An exact copy of the entries is required, with every image omitted.

• **RECORDS TO PROCESS**:
━━━━━━━━━━━━━━━━

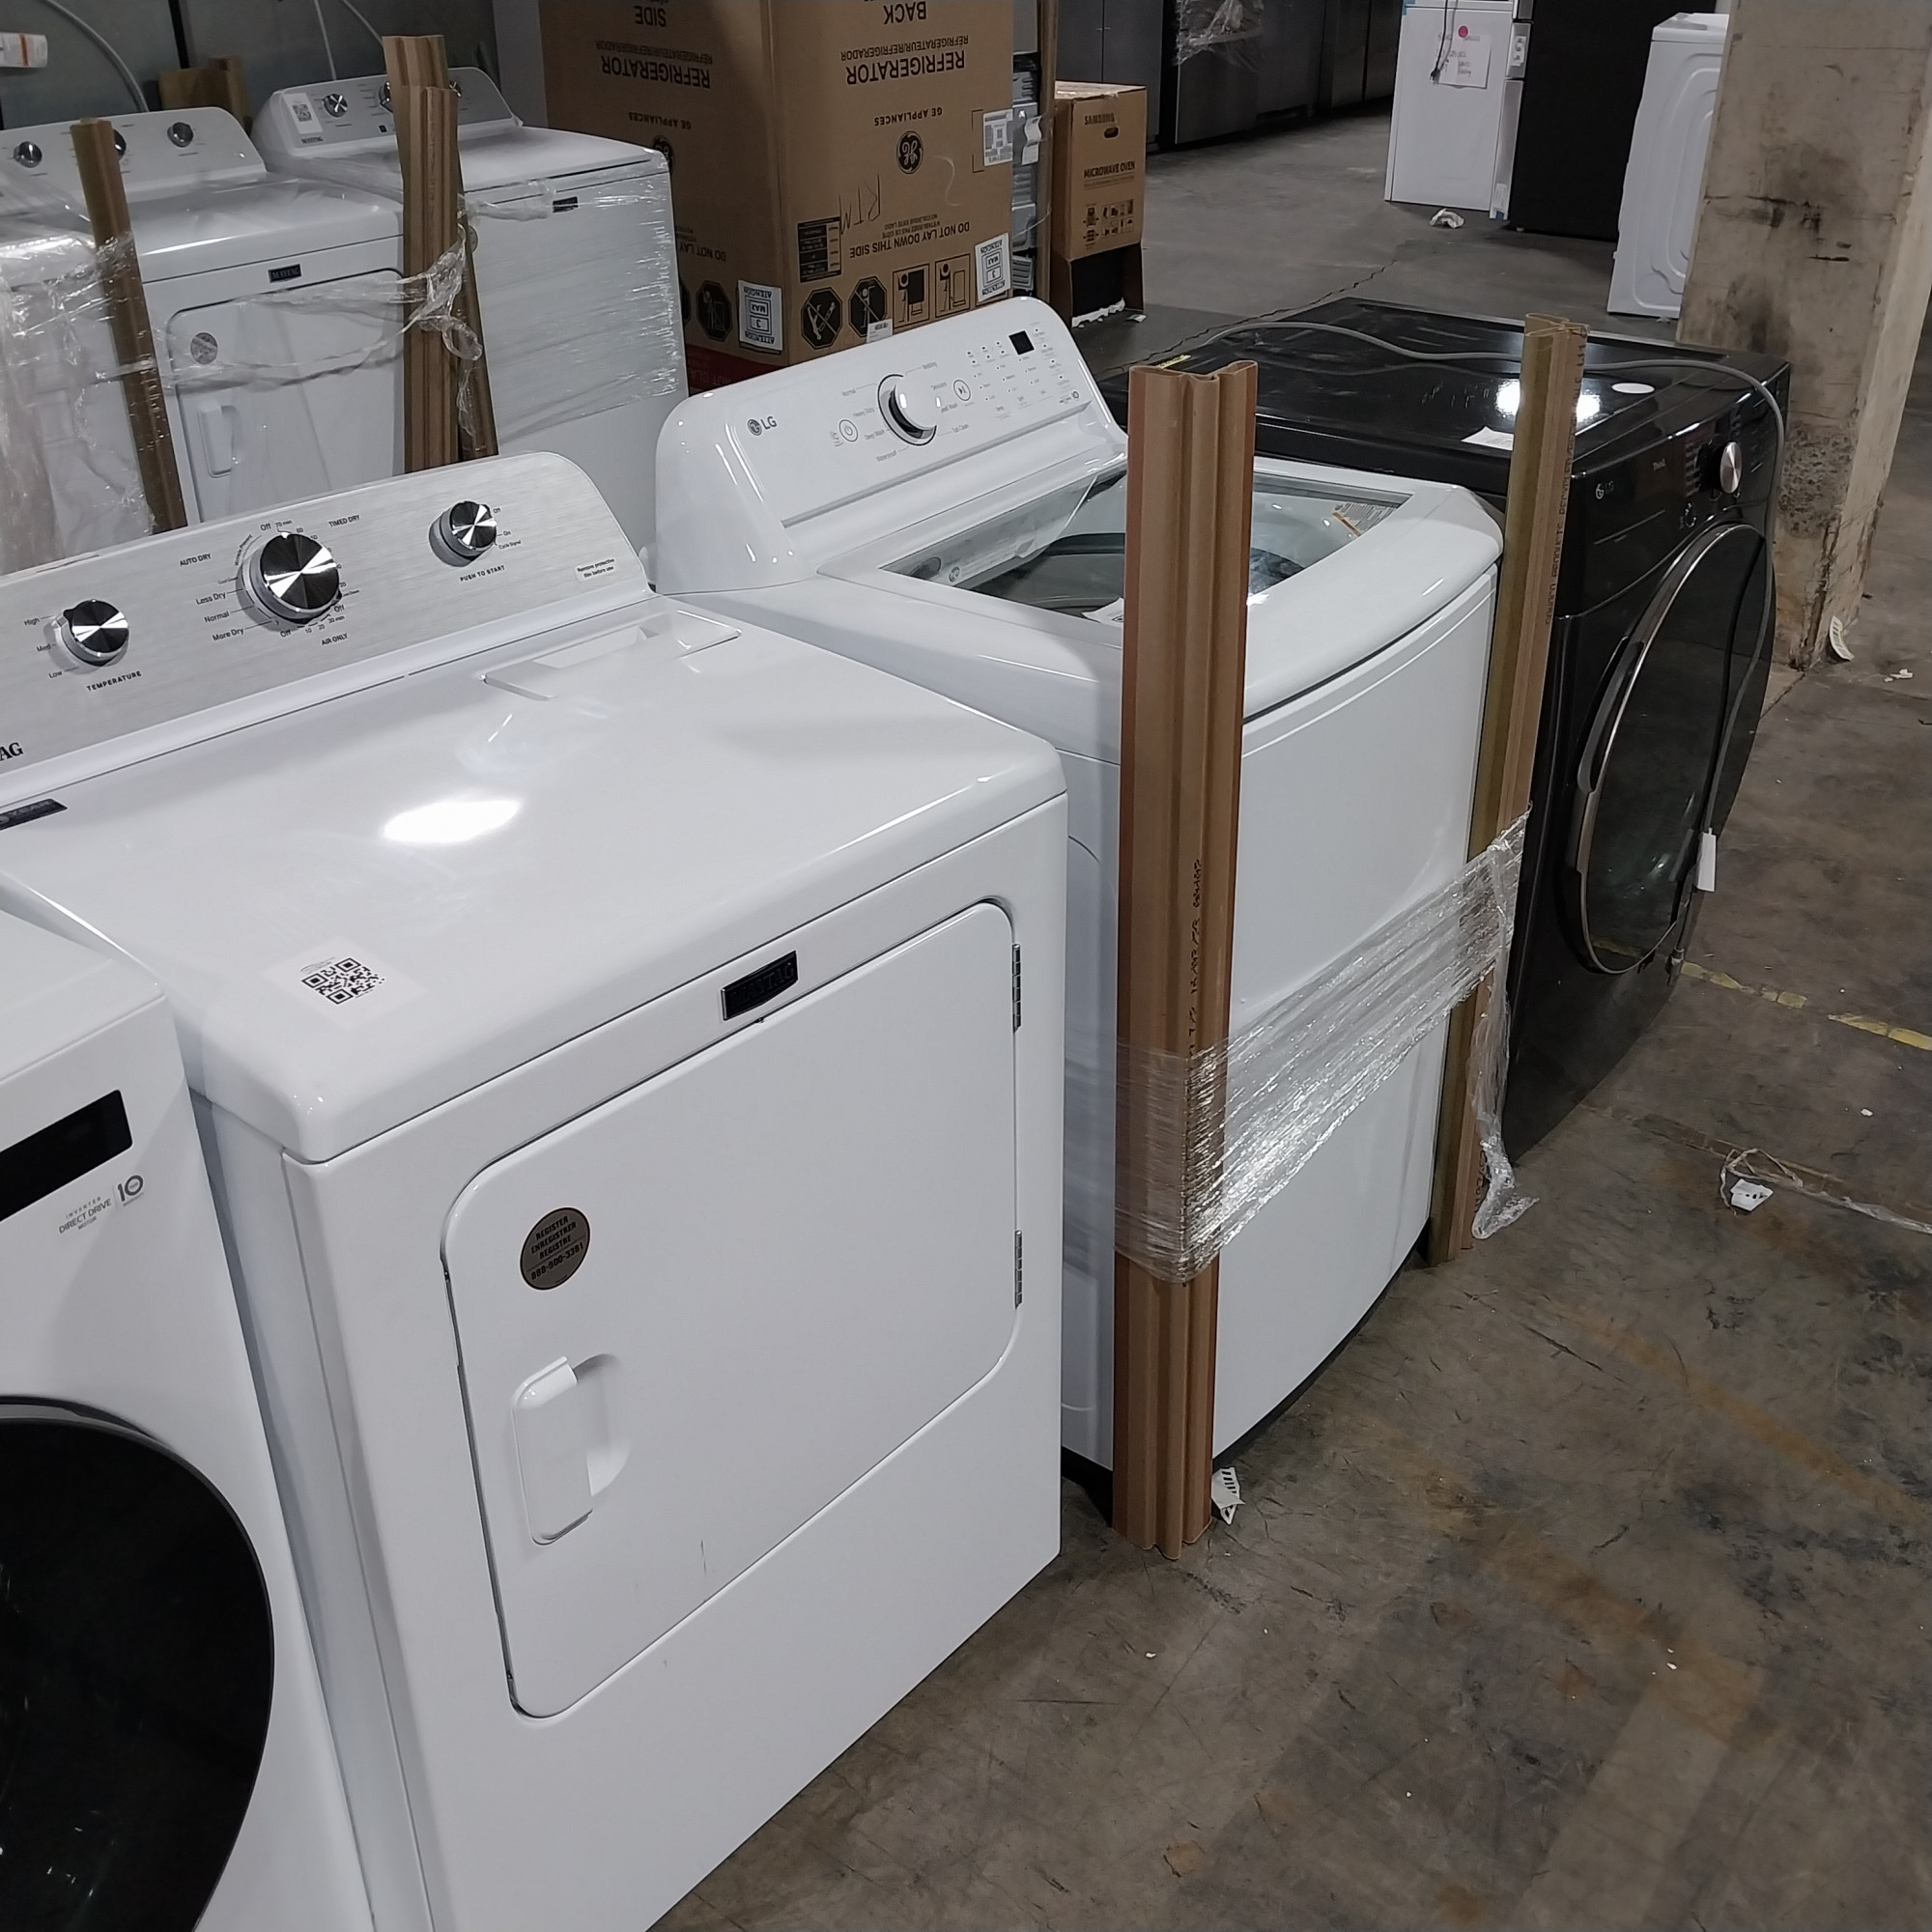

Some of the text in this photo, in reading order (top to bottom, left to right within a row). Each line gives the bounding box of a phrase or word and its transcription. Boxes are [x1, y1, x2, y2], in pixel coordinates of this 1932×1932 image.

[634, 5, 667, 27] SIDE
[883, 1, 927, 25] BACK
[601, 55, 711, 89] REFRIGERATOR
[845, 50, 965, 85] REFRIGERATOR
[628, 111, 692, 129] GE APPLIANCES
[874, 106, 943, 127] GE APPLIANCES
[1084, 113, 1115, 125] SAMSUNG
[1083, 160, 1136, 179] MICROWAVE OVEN
[849, 221, 970, 258] DO NOT LAY DOWN THIS SIDE
[679, 242, 726, 262] DO NOT LAY
[988, 255, 999, 267] MAX
[751, 302, 766, 313] MAX
[760, 415, 778, 431] LG
[260, 523, 271, 531] Off
[327, 514, 360, 528] TIMED DRY
[180, 553, 212, 566] AUTO DRY
[577, 557, 615, 573] Remove protective
[460, 572, 476, 582] PUSH
[487, 565, 505, 576] START
[196, 591, 226, 606] Less Dry
[333, 604, 345, 613] Off
[23, 617, 40, 627] High
[204, 611, 230, 624] Normal
[212, 627, 244, 642] More Dry
[280, 630, 292, 639] Off
[321, 633, 349, 646] AIR ONLY
[36, 643, 50, 653] Med
[48, 669, 63, 679] Low
[86, 670, 142, 693] TEMPERATURE
[117, 1175, 144, 1202] 10
[66, 1196, 101, 1219] INVERTER
[58, 1211, 87, 1234] DIRECT
[87, 1198, 112, 1217] DRIVE
[77, 1215, 98, 1230] MOTOR
[535, 1215, 569, 1241] REGISTER
[530, 1221, 577, 1254] ENREGISTRER
[539, 1235, 572, 1260] REGISTRE

━━━━━━━━━━━━━━━━

• **SOLUTION**:
Some of the text in this photo, in reading order (top to bottom, left to right within a row). Each line gives the bounding box of a phrase or word and its transcription. Boxes are [x1, y1, x2, y2], in pixel coordinates of this 1932×1932 image.

[634, 5, 667, 27] SIDE
[883, 1, 927, 25] BACK
[601, 55, 711, 89] REFRIGERATOR
[845, 50, 965, 85] REFRIGERATOR
[628, 111, 692, 129] GE APPLIANCES
[874, 106, 943, 127] GE APPLIANCES
[1084, 113, 1115, 125] SAMSUNG
[1083, 160, 1136, 179] MICROWAVE OVEN
[849, 221, 970, 258] DO NOT LAY DOWN THIS SIDE
[679, 242, 726, 262] DO NOT LAY
[988, 255, 999, 267] MAX
[751, 302, 766, 313] MAX
[760, 415, 778, 431] LG
[260, 523, 271, 531] Off
[327, 514, 360, 528] TIMED DRY
[180, 553, 212, 566] AUTO DRY
[577, 557, 615, 573] Remove protective
[460, 572, 476, 582] PUSH
[487, 565, 505, 576] START
[196, 591, 226, 606] Less Dry
[333, 604, 345, 613] Off
[23, 617, 40, 627] High
[204, 611, 230, 624] Normal
[212, 627, 244, 642] More Dry
[280, 630, 292, 639] Off
[321, 633, 349, 646] AIR ONLY
[36, 643, 50, 653] Med
[48, 669, 63, 679] Low
[86, 670, 142, 693] TEMPERATURE
[117, 1175, 144, 1202] 10
[66, 1196, 101, 1219] INVERTER
[58, 1211, 87, 1234] DIRECT
[87, 1198, 112, 1217] DRIVE
[77, 1215, 98, 1230] MOTOR
[535, 1215, 569, 1241] REGISTER
[530, 1221, 577, 1254] ENREGISTRER
[539, 1235, 572, 1260] REGISTRE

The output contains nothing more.